Work required. Please repeat the records word for word and skip the pictures.
═════ Records supplied ═════
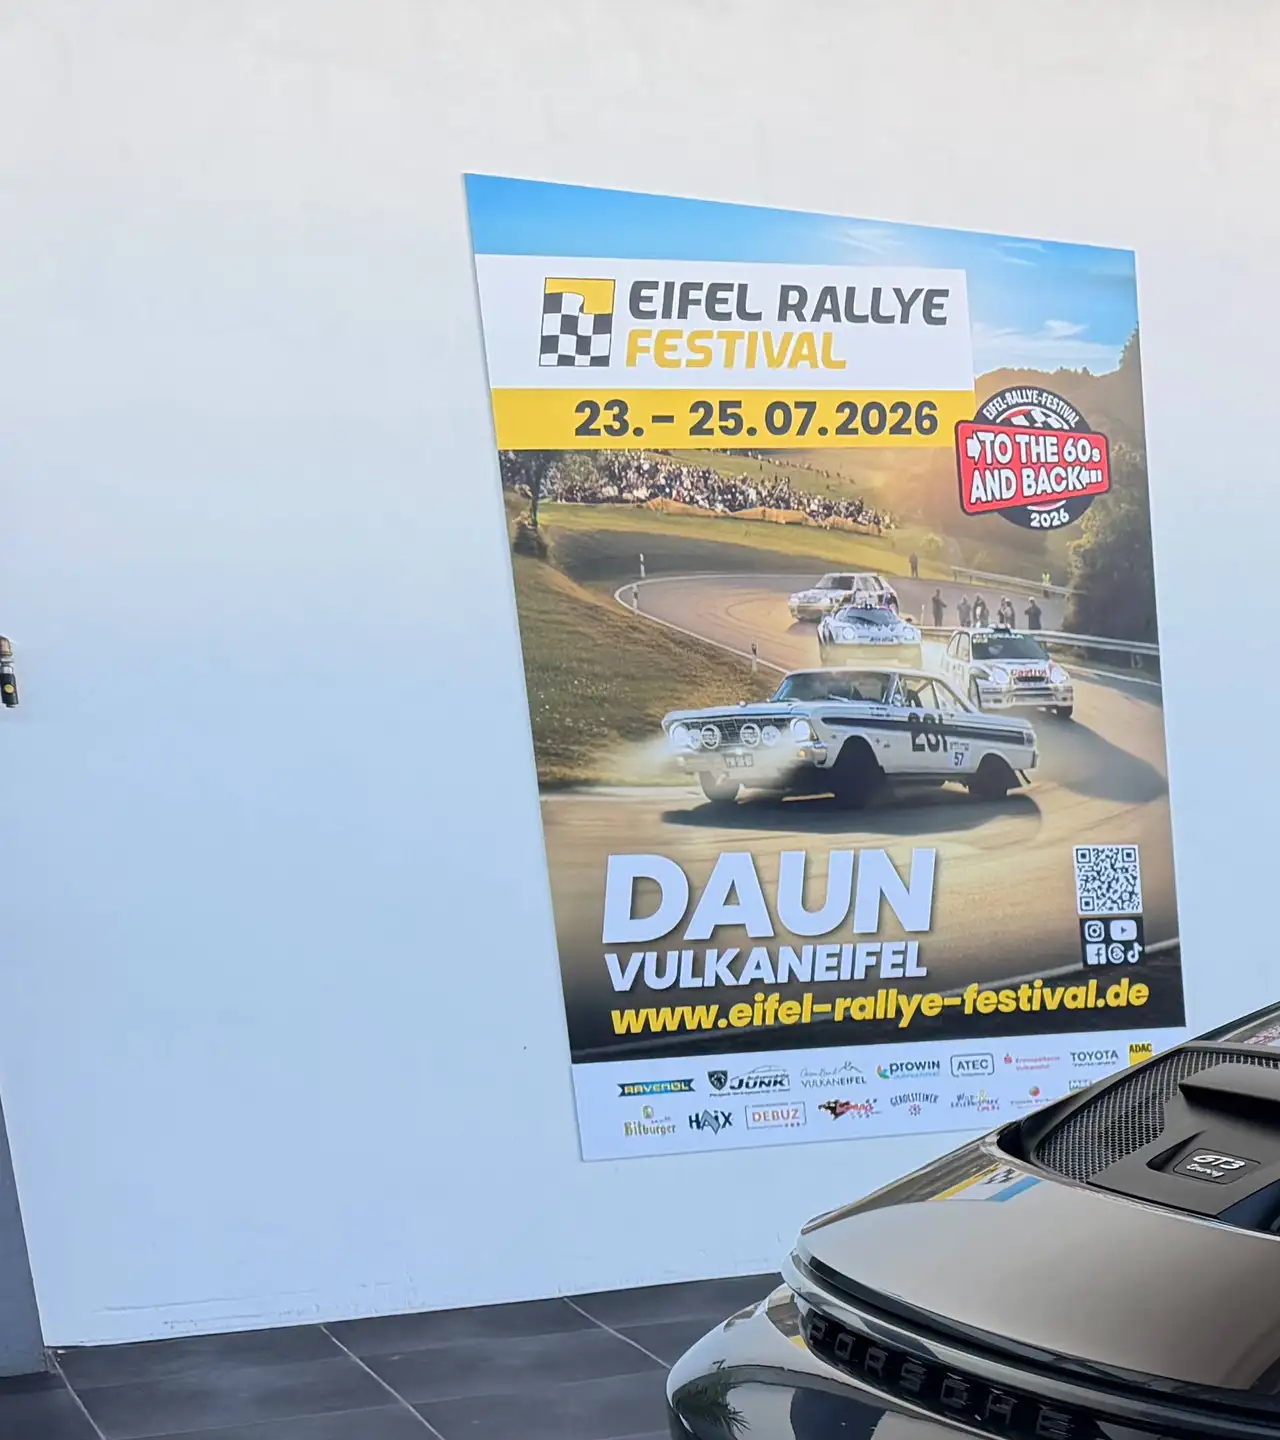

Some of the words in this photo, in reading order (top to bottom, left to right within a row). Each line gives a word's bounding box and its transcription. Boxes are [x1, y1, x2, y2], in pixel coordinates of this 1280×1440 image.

[628, 280, 763, 322] EIFEL
[777, 284, 950, 327] RALLYE
[625, 328, 847, 370] FESTIVAL
[976, 432, 1013, 464] TO
[1015, 434, 1059, 463] THE
[1063, 438, 1100, 463] 60s
[970, 468, 1017, 504] AND
[1022, 466, 1083, 497] BACK
[1030, 513, 1070, 528] 2026
[954, 751, 965, 767] 57
[602, 847, 937, 944] DAUN
[604, 940, 927, 992] VULKANEIFEL
[611, 978, 1149, 1036] www.eifel-rallye-festival.de
[1070, 1050, 1119, 1061] TOYOTA
[1129, 1042, 1152, 1053] ADAC
[957, 1059, 989, 1071] ATEC
[624, 1081, 689, 1094] RAVENOL
[729, 1078, 786, 1090] JUNK
[752, 1108, 800, 1123] DEBUZ
[624, 1120, 676, 1137] Bitburger
[1193, 1155, 1246, 1170] GT3
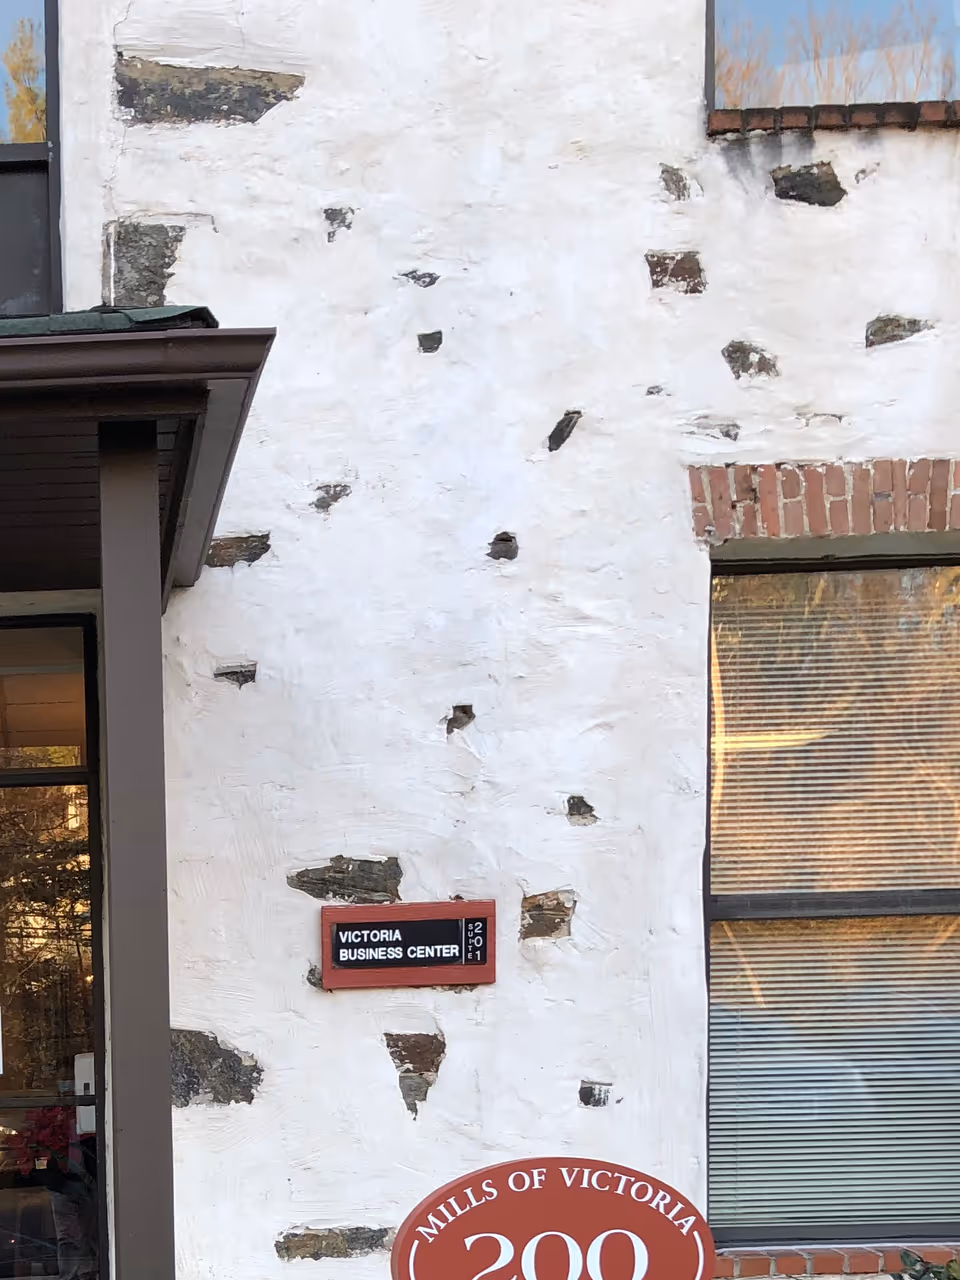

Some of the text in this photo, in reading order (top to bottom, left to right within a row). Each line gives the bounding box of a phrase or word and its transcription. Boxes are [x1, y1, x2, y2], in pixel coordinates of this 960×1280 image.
═════
Solution to the problem.
Some of the words in this photo, in reading order (top to bottom, left to right within a row). Each line gives a word's bounding box and its transcription. Boxes are [x1, y1, x2, y2], in pixel coordinates of this 1280×1440 image.

[628, 280, 763, 322] EIFEL
[777, 284, 950, 327] RALLYE
[625, 328, 847, 370] FESTIVAL
[976, 432, 1013, 464] TO
[1015, 434, 1059, 463] THE
[1063, 438, 1100, 463] 60s
[970, 468, 1017, 504] AND
[1022, 466, 1083, 497] BACK
[1030, 513, 1070, 528] 2026
[954, 751, 965, 767] 57
[602, 847, 937, 944] DAUN
[604, 940, 927, 992] VULKANEIFEL
[611, 978, 1149, 1036] www.eifel-rallye-festival.de
[1070, 1050, 1119, 1061] TOYOTA
[1129, 1042, 1152, 1053] ADAC
[957, 1059, 989, 1071] ATEC
[624, 1081, 689, 1094] RAVENOL
[729, 1078, 786, 1090] JUNK
[752, 1108, 800, 1123] DEBUZ
[624, 1120, 676, 1137] Bitburger
[1193, 1155, 1246, 1170] GT3

Some of the text in this photo, in reading order (top to bottom, left to right within a row). Each line gives the bounding box of a phrase or word and its transcription. Boxes are [x1, y1, x2, y2], in pixel coordinates of this 960×1280 image.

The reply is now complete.